Background: Unhealthy alcohol use is the third leading preventable cause of death in the United States, accounting for more than 140,000 deaths annually. Only 0.9 percent of Americans who reported having alcohol use disorder (AUD) in the past year indicated they received medication-assisted AUD treatment.
Methods: We updated a 2014 Agency for Healthcare Research and Quality (AHRQ) report on pharmacotherapy for AUD treatment, following AHRQ Evidence-based Practice Center Guidance. We assessed efficacy and comparative effectiveness of specific medications for improving consumption outcomes (Key Question [KQ] 1) and health outcomes (KQ 2). We assessed harms (KQ 3) and sought to identify evidence for the use of pharmacotherapy to treat AUD in primary care (KQ 4) and among subgroups (KQ 5). When possible, we conducted quantitative analyses using random-effects models to estimate pooled effects. When quantitative analyses could not be conducted, we used qualitative approaches.
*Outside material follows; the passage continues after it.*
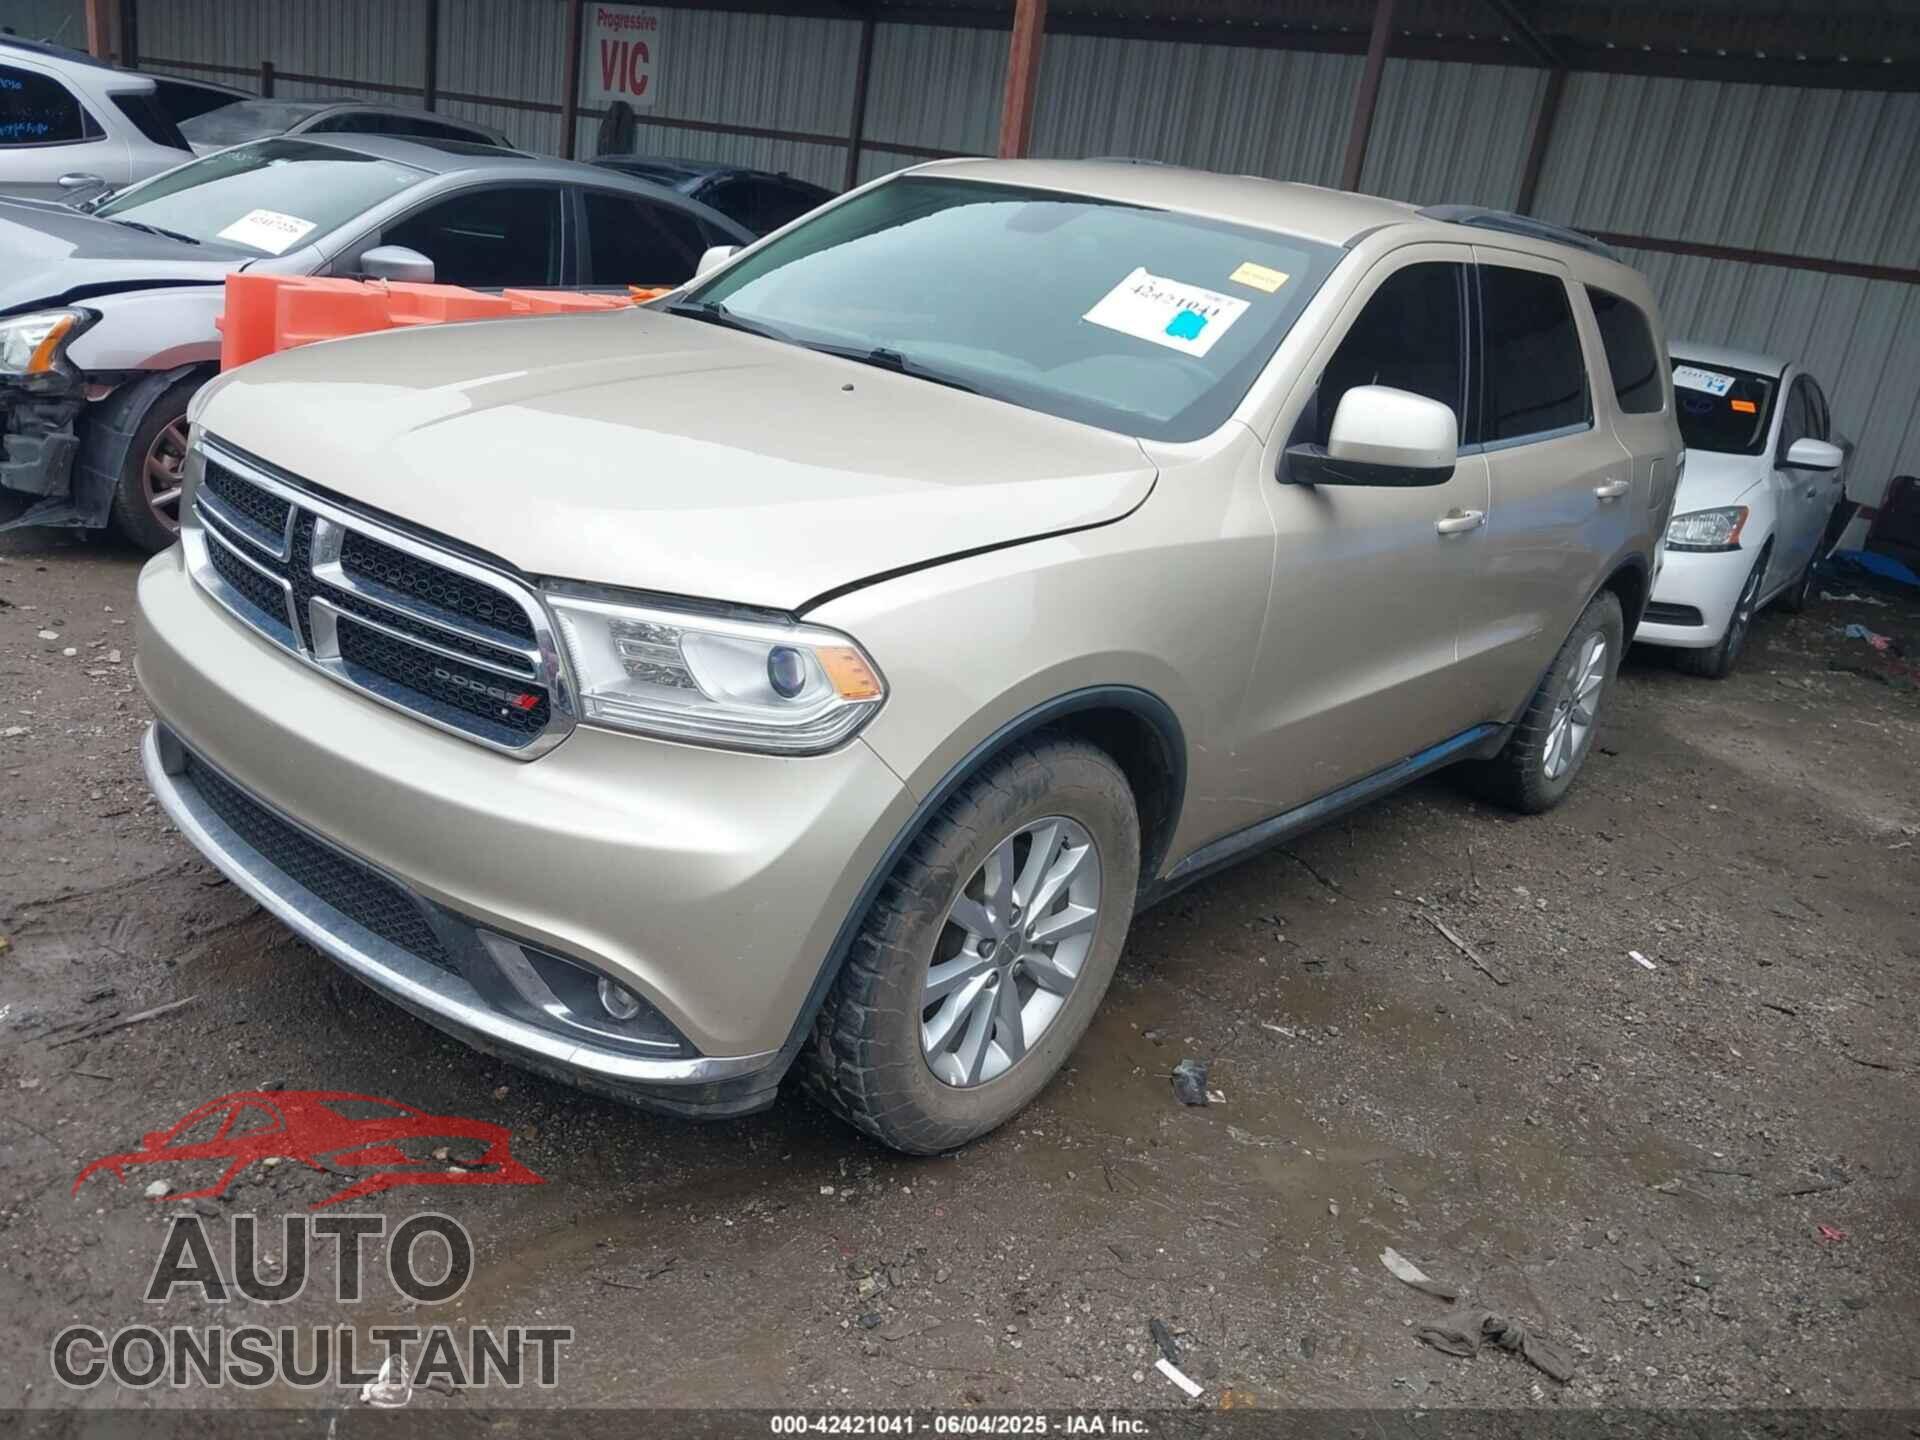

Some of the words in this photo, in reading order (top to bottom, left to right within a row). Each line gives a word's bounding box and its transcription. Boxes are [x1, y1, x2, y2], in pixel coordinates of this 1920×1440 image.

[597, 8, 657, 32] Progressive
[600, 39, 648, 96] VIC
[434, 667, 519, 704] DODGE
Results: We included 118 studies (156 articles) in our review, which included 81 studies (106 articles) from the 2014 review and 37 studies (50 articles) published since then. Studies generally included counseling co-interventions in all study groups, and the benefits observed reflect the added benefit of medications beyond those of counseling and placebo. Oral naltrexone at the 50 mg dosage had moderate strength of evidence (SOE) for reducing return to any drinking, return to heavy drinking, percent drinking days, and percent heavy drinking days. The addition of a new randomized controlled trial of injectable naltrexone conducted in a population experiencing homelessness resulted in positive outcomes for a reduction in drinking days and heavy drinking days with low SOE. Acamprosate had moderate SOE for a significant reduction in return to any drinking and reduction in drinking days. Topiramate had moderate SOE for several outcomes as well, but with greater side effects. Two other medications demonstrated low SOE for benefit in at least one consumption outcome—baclofen (reduced return to any drinking) and gabapentin (reduced return to drinking and to heavy drinking). With no new studies on disulfiram, there remains inadequate evidence for efficacy compared to placebo for preventing return to any drinking or for other alcohol consumption outcomes. No new eligible studies provided head-to-head comparisons.
Conclusions: Oral naltrexone at the 50 mg dose had moderate strength of evidence across multiple outcomes and relative ease of use as a once-daily oral medication. Acamprosate and topiramate also have moderate evidence of benefit with a less desirable side effect profile (topiramate) and a higher pill burden (acamprosate). Clinicians and patients may want to consider which treatment outcomes are most important when choosing among the medications. Current data are largely insufficient for understanding health outcomes. Finally, there is relatively little research to assess the use of medications for AUD among subgroups (9 studies) or in primary care settings (1 study).